Hundreds of doctors compiled records that were spotless.  Dr. James Porter of Seattle performed 173 prostate removals without a single complication. Dr. David Black, at Freeman Hospital West in Joplin, Missouri, replaced 171 hips with no complications. In Leawood, Kansas, Dr. Thomas Rasmussen did 348 knee replacements with no complications.

“There’s no such thing as a no-risk surgery,” said Dr. Karen Joynt, a cardiologist and another patient safety researcher from the Harvard School of Public Health, “but some surgeons are able to make elective surgeries in selected patients pretty close.”

Some in the medical community worry that pushing doctors to lower their complication rates will prompt them to cherry pick healthy patients and turn away cases that could hurt their numbers.

Joiner and his partners at the North Alabama Bone & Joint Clinic operate far from America’s health care hubs, without many of the niceties that abound at name-brand academic medical centers.

The Shoals region, along the Tennessee River near the border of Mississippi, is not wealthy. Public health statistics show it has a higher than normal percentage of unhealthy people. About a third of the population in the surrounding counties is obese, and about a third smokes.

“We take all comers,” Joiner said.

The clinic’s surgeons attribute their results, in part, to conducting more than half their procedures in pairs. They sacrifice volume and get paid little or nothing extra to have two surgeons work on a single patient. Each surgeon provides the other with backup — what amounts to real-time peer review.

“I may look at something a little backwards or get turned around,” Joiner said. “It’s nice for one of your partners to say, ‘What the hell you doing? You’re not out huntin’ this morning.
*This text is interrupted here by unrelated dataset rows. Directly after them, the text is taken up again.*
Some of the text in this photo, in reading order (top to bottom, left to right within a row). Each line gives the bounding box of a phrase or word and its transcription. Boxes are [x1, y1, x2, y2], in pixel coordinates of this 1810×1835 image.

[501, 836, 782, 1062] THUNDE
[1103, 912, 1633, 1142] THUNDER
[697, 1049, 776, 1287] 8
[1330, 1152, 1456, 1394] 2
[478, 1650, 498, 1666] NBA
You’re doing a knee replacement!’”

Joiner said the clinic’s outcomes also reflect a culture in which the work doesn’t end in the operating room.

In many other practices, it’s typical for surgeons to have physician assistants or nurse practitioners follow up with patients after surgery. Joiner and his colleagues do almost all the follow-up care themselves, personally checking with patients to make sure they know what to do and how to recognize signs of postoperative problems.
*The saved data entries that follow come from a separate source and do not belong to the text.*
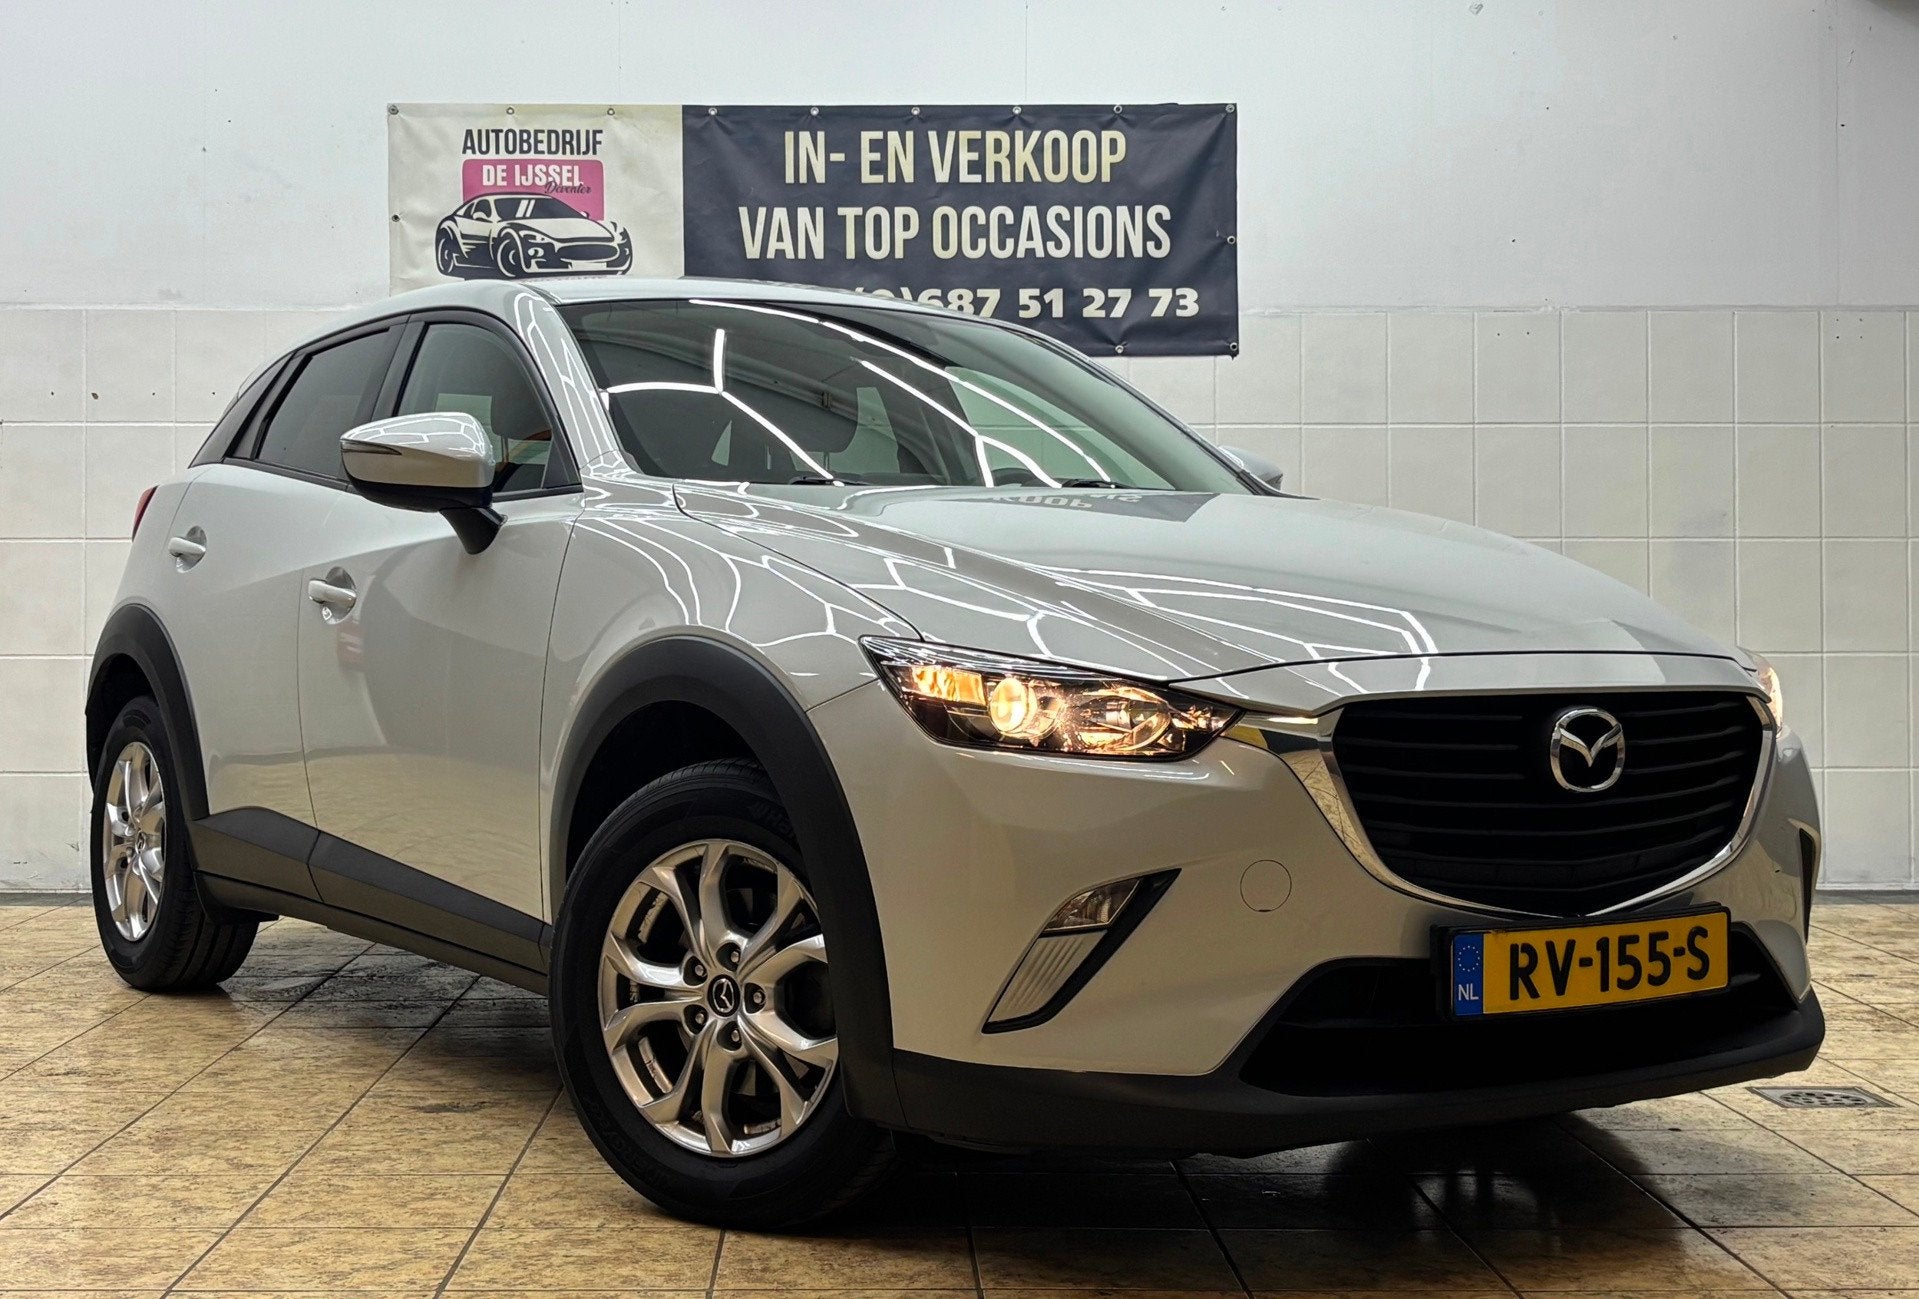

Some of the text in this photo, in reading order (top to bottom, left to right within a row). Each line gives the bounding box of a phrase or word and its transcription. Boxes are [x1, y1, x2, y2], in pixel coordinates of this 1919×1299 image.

[461, 128, 604, 156] AUTOBEDRIJF
[784, 129, 1127, 184] IN- EN VERKOOP
[482, 164, 584, 187] DE IJSSEL
[738, 204, 1172, 260] VAN TOP OCCASIONS
[1018, 288, 1064, 319] 51
[1082, 287, 1132, 318] 27
[1148, 287, 1200, 317] 73
[1508, 925, 1711, 1002] RV-155-S
[1457, 983, 1480, 1001] NL
“We don’t cut corners,” Joiner said. “We do it the right way every time.”

Historically, this approach hasn’t always been rewarded by the medical payment system. In fact, when patients ended up back at the hospital because of surgical injuries or infections, it was effectively a bonus, generating more billings on top of those for the original procedure.
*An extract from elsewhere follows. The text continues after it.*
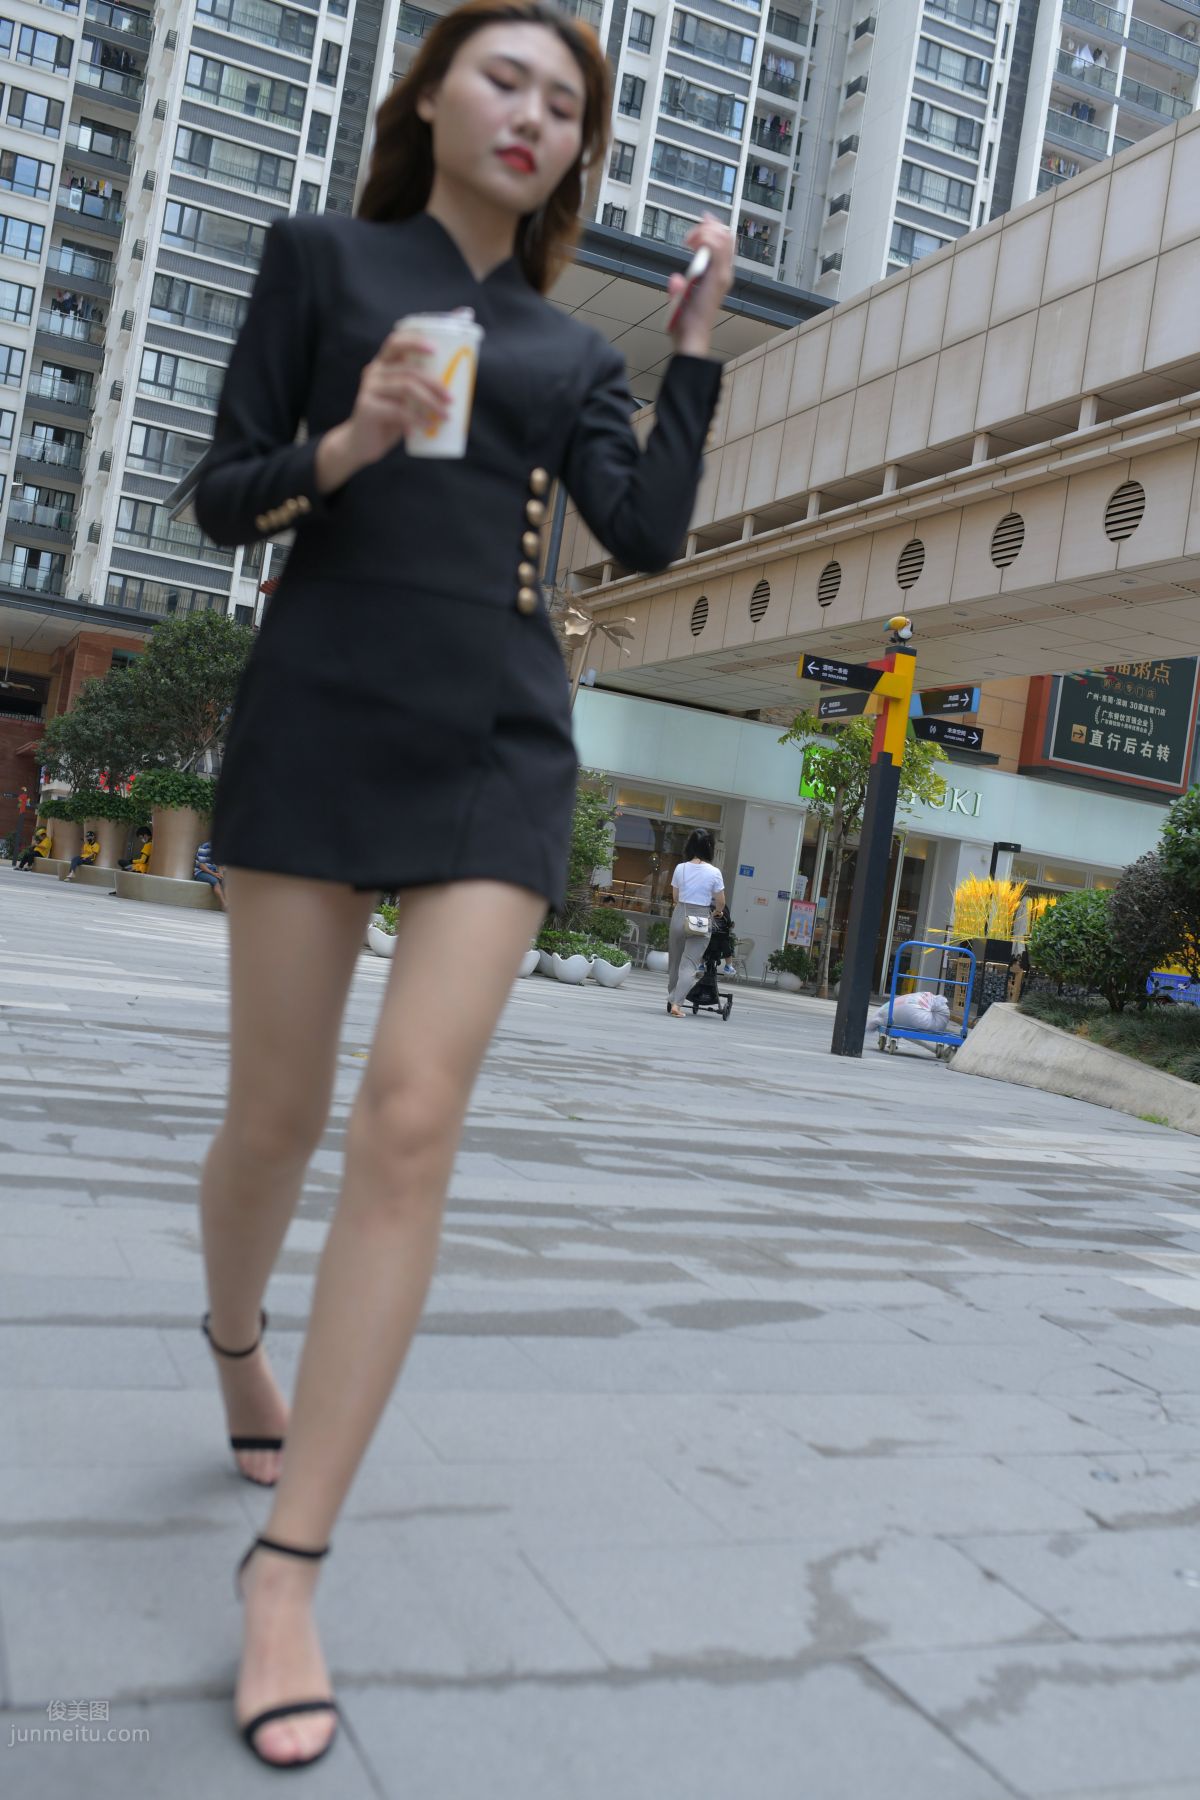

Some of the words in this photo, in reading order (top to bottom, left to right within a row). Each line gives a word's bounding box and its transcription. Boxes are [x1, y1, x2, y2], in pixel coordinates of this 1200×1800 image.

[1088, 729, 1171, 762] 直行后右转
In recent years, Medicare and some private insurers have introduced initiatives that try to upend these incentives. For example, Medicare can dock payments to hospitals if patients who have elective hip and knee replacements are readmitted at especially high rates, or if medical facilities rank among the bottom 25 percent for certain hospital-acquired infections and injuries.

Supporters say these changes, while incremental, have spurred hospitals to focus on reducing certain poor outcomes as never before. It’s not yet clear, though, if they will prod doctors to alter their practices, too.

Dr. Paul Dworak said he’s too fed up to stick around and find out.

Between 2009 and 2013, ProPublica’s analysis shows, the Edina, Minn., surgeon performed 277 knee replacements on Medicare patients with no complications. He also did 165 hip replacements with one of the lowest complication rates in the nation.

Dworak credited his results partly to spending more time on each patient during surgery, prepping them, making sure their implants were placed properly and closing their incisions himself rather than delegating this to an assistant. After operating, Dworak said he kept patients on medication to prevent blood clots longer than other specialists, even though this meant keeping close tabs on their lab results.

But this cost Dworak. He didn’t get paid for the extra time he invested, and he couldn’t schedule as many operations.

Dworak said such frustrations, coupled with reduced Medicare payments and the stress of meeting his patient safety standards, have prompted him to wind down his surgery practice.

“My results were very good, and other orthopedists in the Twin Cities had horseshit results and made more money,” he said. “The general public never knew what the results were.”